* _What you have to do_
Your task is to transcribe all the entries exactly, excluding pictures.

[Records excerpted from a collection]

★ ★ ★

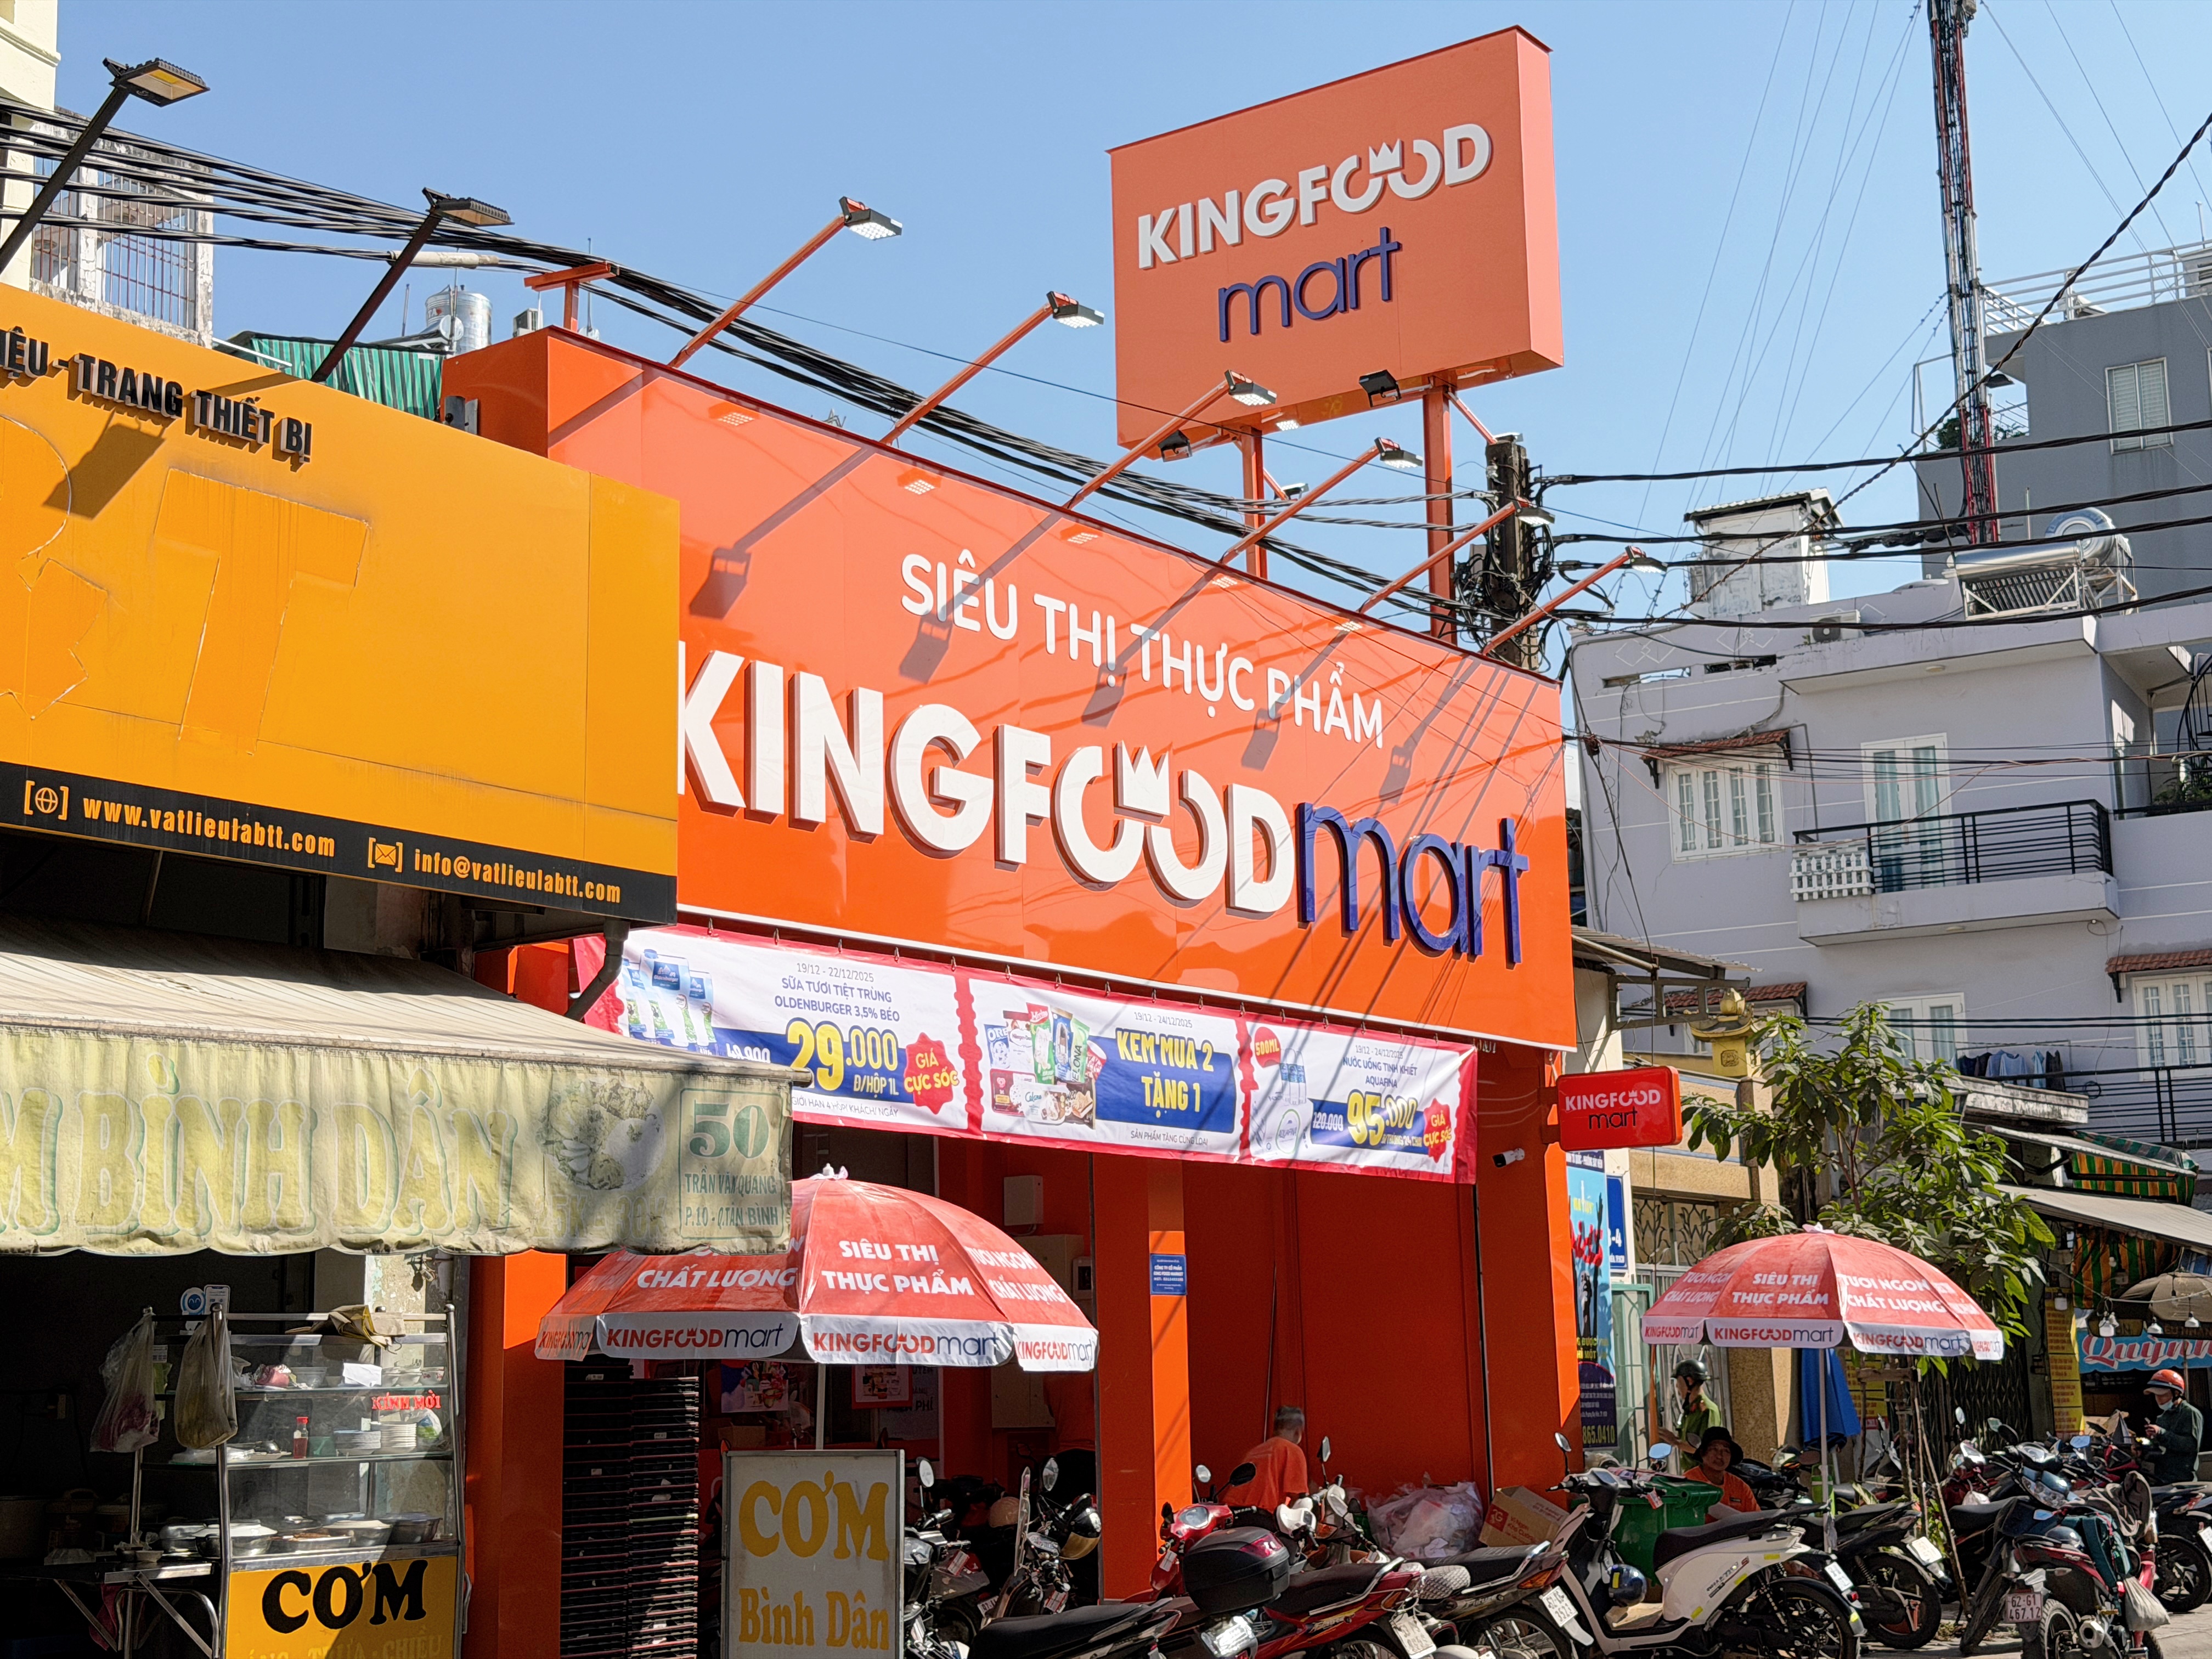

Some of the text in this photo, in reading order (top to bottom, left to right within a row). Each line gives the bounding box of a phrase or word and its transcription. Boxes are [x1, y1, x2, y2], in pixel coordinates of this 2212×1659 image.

[1138, 123, 1492, 269] KINGFOOD
[1218, 226, 1402, 342] mart
[73, 353, 183, 419] TRANG
[191, 388, 275, 445] THIẾT
[280, 417, 312, 464] BỊ
[900, 549, 1384, 749] SIÊU THỊ THỰC PHẨM
[414, 847, 622, 904] info@vatlieulabtt.com
[797, 963, 820, 975] 19/12
[828, 967, 874, 982] 22/12/2025
[782, 975, 891, 1003] SỮA TƯƠI TIỆT TRÙNG
[775, 995, 900, 1022] OLDENBURGER 3,5% BÉO
[1134, 1012, 1152, 1023] 19/12
[1158, 1015, 1193, 1028] 24/12/2025
[787, 1020, 899, 1091] 29.000
[915, 1047, 939, 1068] GIÁ
[1116, 1030, 1214, 1072] KEM MUA 2
[1255, 1039, 1280, 1056] 500ML
[1356, 1045, 1370, 1054] 19/12
[1344, 1056, 1418, 1076] NƯỚC UỐNG TINH KHIẾT
[854, 1072, 899, 1098] Đ/HỘP 1L
[904, 1066, 959, 1095] CỰC SỐC
[1365, 1075, 1398, 1088] AQUAFINA
[1141, 1070, 1200, 1118] TẶNG 1
[1565, 1089, 1661, 1111] KINGFOOD
[689, 1098, 770, 1159] 50
[1347, 1092, 1418, 1146] 95.000
[1430, 1110, 1446, 1127] GIÁ
[1588, 1105, 1638, 1130] mart
[75, 1052, 317, 1235] BÌNH
[331, 1067, 518, 1235] DÂN
[1423, 1130, 1439, 1148] CỰC
[684, 1169, 714, 1194] TRẦN
[738, 1174, 777, 1198] QUANG
[685, 1206, 708, 1227] P.10
[748, 1202, 778, 1226] BÌNH
[838, 1238, 939, 1265] SIÊU THỊ
[637, 1264, 706, 1288] CHẤT
[706, 1267, 798, 1290] LƯỢNG
[821, 1269, 975, 1296] THỰC PHẨM
[1752, 1271, 1818, 1287] SIÊU THỊ
[1878, 1278, 1930, 1291] NGON
[1732, 1291, 1775, 1306] THỰC
[1888, 1298, 1948, 1314] LƯỢNG
[607, 1322, 784, 1348] KINGFOODmart
[1714, 1327, 1834, 1342] KINGFOODmart
[371, 1389, 441, 1410] KÍNH MỜI
[738, 1470, 890, 1561] CƠM
[261, 1559, 428, 1634] CƠM
[2011, 1594, 2036, 1607] 62-G1
[738, 1586, 890, 1650] Bình Dân
[2009, 1606, 2041, 1620] 467.12

★ ★ ★

* _Task result_
Some of the text in this photo, in reading order (top to bottom, left to right within a row). Each line gives the bounding box of a phrase or word and its transcription. Boxes are [x1, y1, x2, y2], in pixel coordinates of this 2212×1659 image.

[1138, 123, 1492, 269] KINGFOOD
[1218, 226, 1402, 342] mart
[73, 353, 183, 419] TRANG
[191, 388, 275, 445] THIẾT
[280, 417, 312, 464] BỊ
[900, 549, 1384, 749] SIÊU THỊ THỰC PHẨM
[414, 847, 622, 904] info@vatlieulabtt.com
[797, 963, 820, 975] 19/12
[828, 967, 874, 982] 22/12/2025
[782, 975, 891, 1003] SỮA TƯƠI TIỆT TRÙNG
[775, 995, 900, 1022] OLDENBURGER 3,5% BÉO
[1134, 1012, 1152, 1023] 19/12
[1158, 1015, 1193, 1028] 24/12/2025
[787, 1020, 899, 1091] 29.000
[915, 1047, 939, 1068] GIÁ
[1116, 1030, 1214, 1072] KEM MUA 2
[1255, 1039, 1280, 1056] 500ML
[1356, 1045, 1370, 1054] 19/12
[1344, 1056, 1418, 1076] NƯỚC UỐNG TINH KHIẾT
[854, 1072, 899, 1098] Đ/HỘP 1L
[904, 1066, 959, 1095] CỰC SỐC
[1365, 1075, 1398, 1088] AQUAFINA
[1141, 1070, 1200, 1118] TẶNG 1
[1565, 1089, 1661, 1111] KINGFOOD
[689, 1098, 770, 1159] 50
[1347, 1092, 1418, 1146] 95.000
[1430, 1110, 1446, 1127] GIÁ
[1588, 1105, 1638, 1130] mart
[75, 1052, 317, 1235] BÌNH
[331, 1067, 518, 1235] DÂN
[1423, 1130, 1439, 1148] CỰC
[684, 1169, 714, 1194] TRẦN
[738, 1174, 777, 1198] QUANG
[685, 1206, 708, 1227] P.10
[748, 1202, 778, 1226] BÌNH
[838, 1238, 939, 1265] SIÊU THỊ
[637, 1264, 706, 1288] CHẤT
[706, 1267, 798, 1290] LƯỢNG
[821, 1269, 975, 1296] THỰC PHẨM
[1752, 1271, 1818, 1287] SIÊU THỊ
[1878, 1278, 1930, 1291] NGON
[1732, 1291, 1775, 1306] THỰC
[1888, 1298, 1948, 1314] LƯỢNG
[607, 1322, 784, 1348] KINGFOODmart
[1714, 1327, 1834, 1342] KINGFOODmart
[371, 1389, 441, 1410] KÍNH MỜI
[738, 1470, 890, 1561] CƠM
[261, 1559, 428, 1634] CƠM
[2011, 1594, 2036, 1607] 62-G1
[738, 1586, 890, 1650] Bình Dân
[2009, 1606, 2041, 1620] 467.12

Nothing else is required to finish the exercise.